#### Goal of the exercise:
Leaving all pictures aside, write out the records below precisely as given.

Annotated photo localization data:
#####
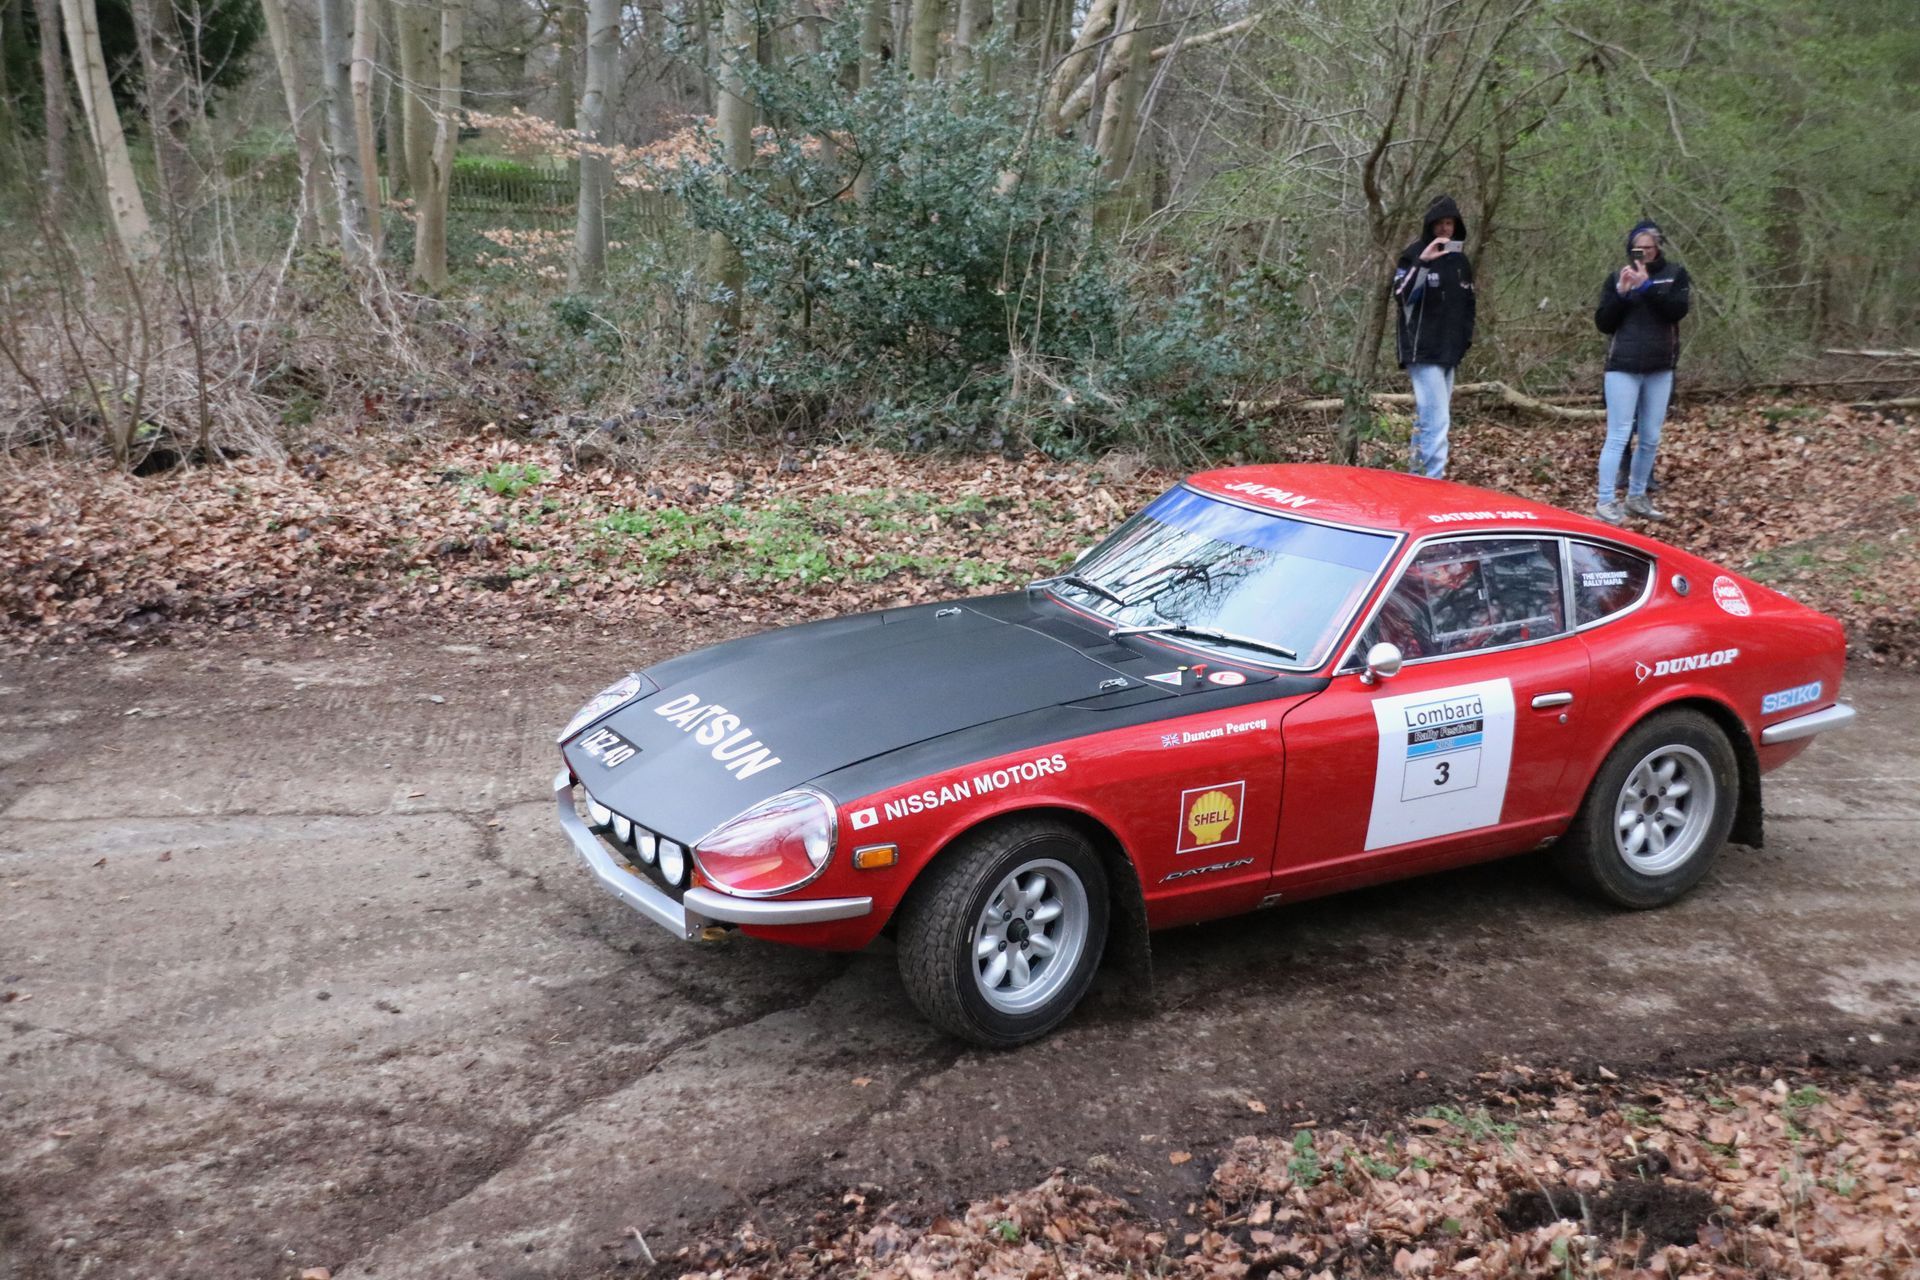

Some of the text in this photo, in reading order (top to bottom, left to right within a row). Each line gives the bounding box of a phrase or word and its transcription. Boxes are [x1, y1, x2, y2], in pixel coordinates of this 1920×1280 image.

[1224, 482, 1317, 508] JAPAN
[1427, 511, 1496, 523] DATSUN
[1583, 578, 1623, 587] RALLY MAFIA
[1595, 571, 1628, 579] YORKSHIRE
[1653, 648, 1739, 677] DUNLOP
[1762, 682, 1821, 713] SEIKO
[1404, 697, 1483, 727] Lombard
[653, 693, 782, 781] DATSUN
[1182, 718, 1267, 744] Duncan Pearcey
[1414, 721, 1477, 742] Rally Festival
[1433, 761, 1450, 786] 3
[884, 754, 1067, 821] NISSAN MOTORS
[1193, 810, 1230, 827] SHELL
[1159, 857, 1254, 883] DATSUN
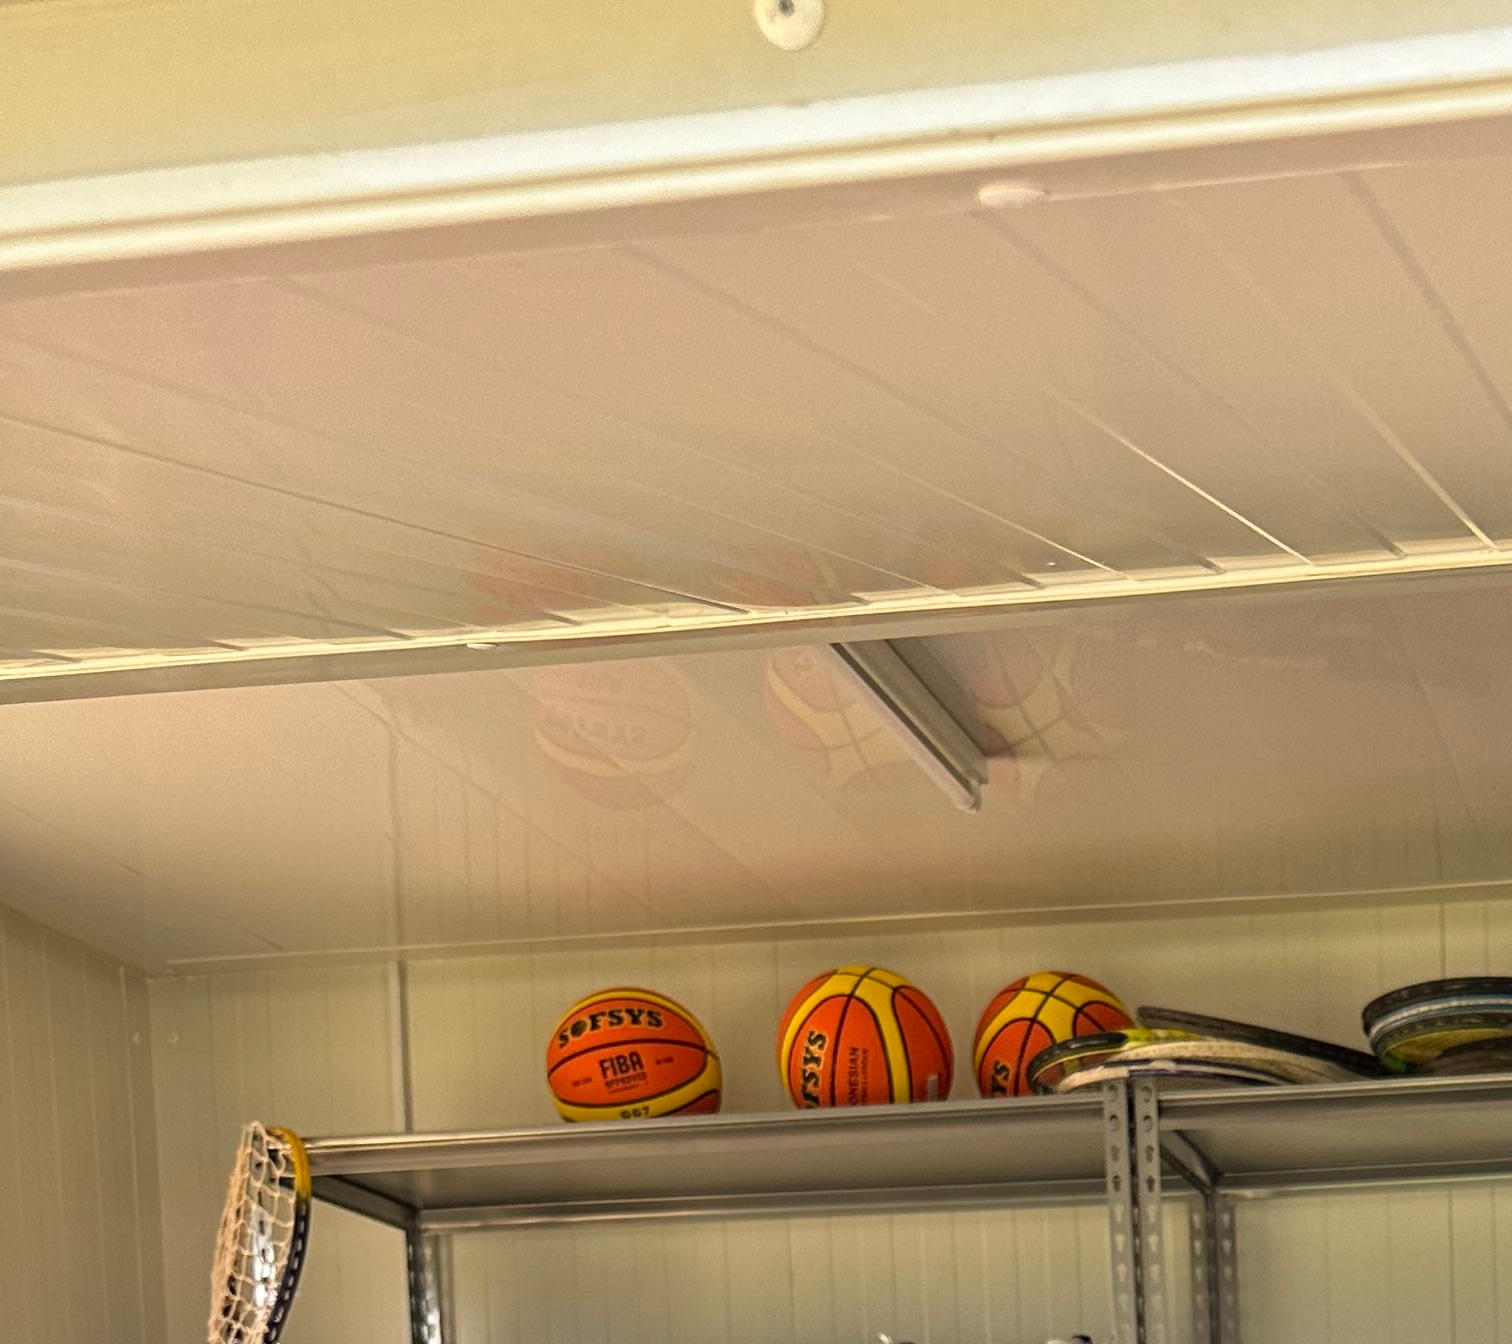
#####
#### Answer to the exercise:
Some of the text in this photo, in reading order (top to bottom, left to right within a row). Each line gives the bounding box of a phrase or word and its transcription. Boxes are [x1, y1, x2, y2], in pixel coordinates of this 1920×1280 image.

[1224, 482, 1317, 508] JAPAN
[1427, 511, 1496, 523] DATSUN
[1583, 578, 1623, 587] RALLY MAFIA
[1595, 571, 1628, 579] YORKSHIRE
[1653, 648, 1739, 677] DUNLOP
[1762, 682, 1821, 713] SEIKO
[1404, 697, 1483, 727] Lombard
[653, 693, 782, 781] DATSUN
[1182, 718, 1267, 744] Duncan Pearcey
[1414, 721, 1477, 742] Rally Festival
[1433, 761, 1450, 786] 3
[884, 754, 1067, 821] NISSAN MOTORS
[1193, 810, 1230, 827] SHELL
[1159, 857, 1254, 883] DATSUN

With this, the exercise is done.